# java.libary.path



## Gast2 (24. Nov 2009)

Hallo zusammen ich würde gern die https://jdic.dev.java.net/
nutzen. ich hab die crossplatform zip runtergeladen und die jars eingebunden jetzt erkennt er die system libariers nicht und findet die auch nicht...
Muss man die wo bestimmt hinlegen damit er die sucht und findet? Oder selber laden?


```
Exception in thread "AWT-EventQueue-0" java.lang.UnsatisfiedLinkError: no jdic in java.library.path
	at java.lang.ClassLoader.loadLibrary(ClassLoader.java:1682)
```


----------



## bygones (24. Nov 2009)

du kannst doch beim start den java.library.path ueber -D Option auf den Pfad setzen in dem sich die libs befinden


----------



## Gast2 (24. Nov 2009)

Ich kann auch auch der  referenced jar eine native libary geben... aber ich weiß nicht wie das dann beim bauen ist...


----------



## Gast2 (24. Nov 2009)

bygones hat gesagt.:


> du kannst doch beim start den java.library.path ueber -D Option auf den Pfad setzen in dem sich die libs befinden



ja aber dann überschreibt er ja den standard pfad ich würde ja nur gern eine zusätzlichen hinzufügen...


----------



## Guest2 (24. Nov 2009)

Moin,

Du kannst den Pfad auch zur Laufzeit dynamisch, aus Java heraus, setzen.
(Dann muss das Programm auch nicht per Kommandozeilenparameter gestartet werden.)


```
public final static void setJavaLibraryPath(String path)
			throws NoSuchFieldException, IllegalAccessException {

		final String newPath = path + File.pathSeparator + System.getProperty("java.library.path");
		System.setProperty("java.library.path", newPath);

		final Field field = (java.lang.ClassLoader.class).getDeclaredField("sys_paths");
		if (field != null) {
			field.setAccessible(true);
			field.set((java.lang.System.class).getClassLoader(), null);
		}
		
	}
```

Gruß,
Fancy


----------



## Gast2 (24. Nov 2009)

ich will eigentlich nur native sachen  laden, aber ich darf ja kein File.separator verwenden. und System.load will einen absoluten path...


----------



## Guest2 (24. Nov 2009)

Verstehe nicht genau wo das Problem ist. (Kenne aber auch das jdic nicht)
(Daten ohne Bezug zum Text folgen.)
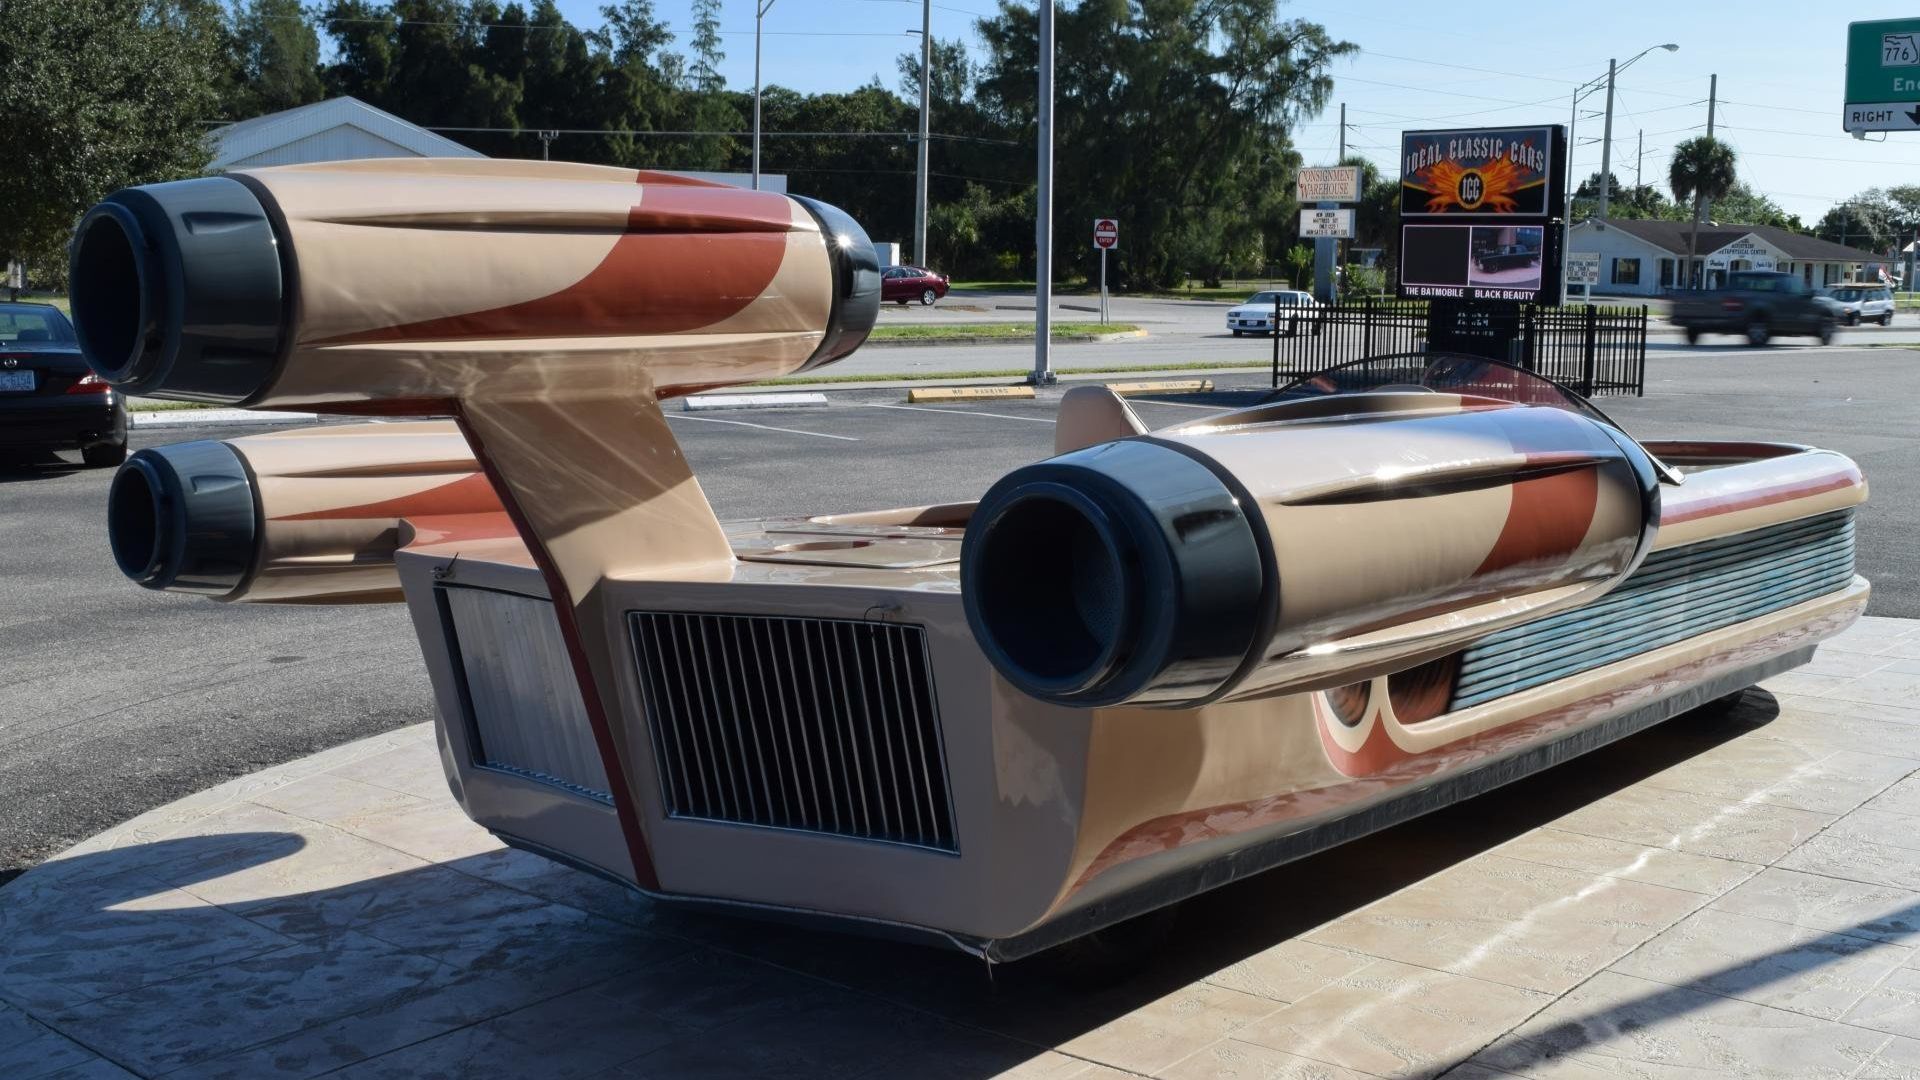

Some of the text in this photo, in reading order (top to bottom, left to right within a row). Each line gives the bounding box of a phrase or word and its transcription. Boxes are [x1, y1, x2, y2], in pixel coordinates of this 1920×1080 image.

[1885, 48, 1909, 61] 776
[1893, 77, 1920, 91] En
[1852, 110, 1894, 122] RIGHT
[1406, 137, 1544, 175] IDEAL CLASSIC CARS
[1298, 169, 1355, 187] CONSIGNMENT
[1301, 182, 1349, 198] WAREHOUSE
[1462, 177, 1480, 200] ICC
[1405, 287, 1464, 298] THE BATMOBILE
[1474, 290, 1535, 300] BLACK BEAUTY
Hab das (mit anderen nativen Bibliotheken) schon mal öfter so gemacht:

1. Alle *.dlls (oder *.so, was auch immer) in ein (temporäres) Verzeichnis entpacken (kann auch zur Laufzeit aus dem JAR gemacht werden)
2. Den java.library.path (so wie oben) auf das Verzeichnis von 1. setzen
3. Die nativen Bibliotheken mit System.loadLibrary laden (ohne Pfad und ohne Endung, der findet die schon wenn 1. & 2. geklappt hat)(wenn es mehrere Dlls/SOs sind entsprechend mehrmals System.loadLibrary aufrufen (Reihenfolge kann wichtig sein!))

Aber warum darfst Du kein File.pathSeparator verwenden?

Gruß,
Fancy


----------



## Gast2 (24. Nov 2009)

habs anders gelöst ... weil System.loadLibrary das abegrprüft hat, aber egal jetzt ^^...


----------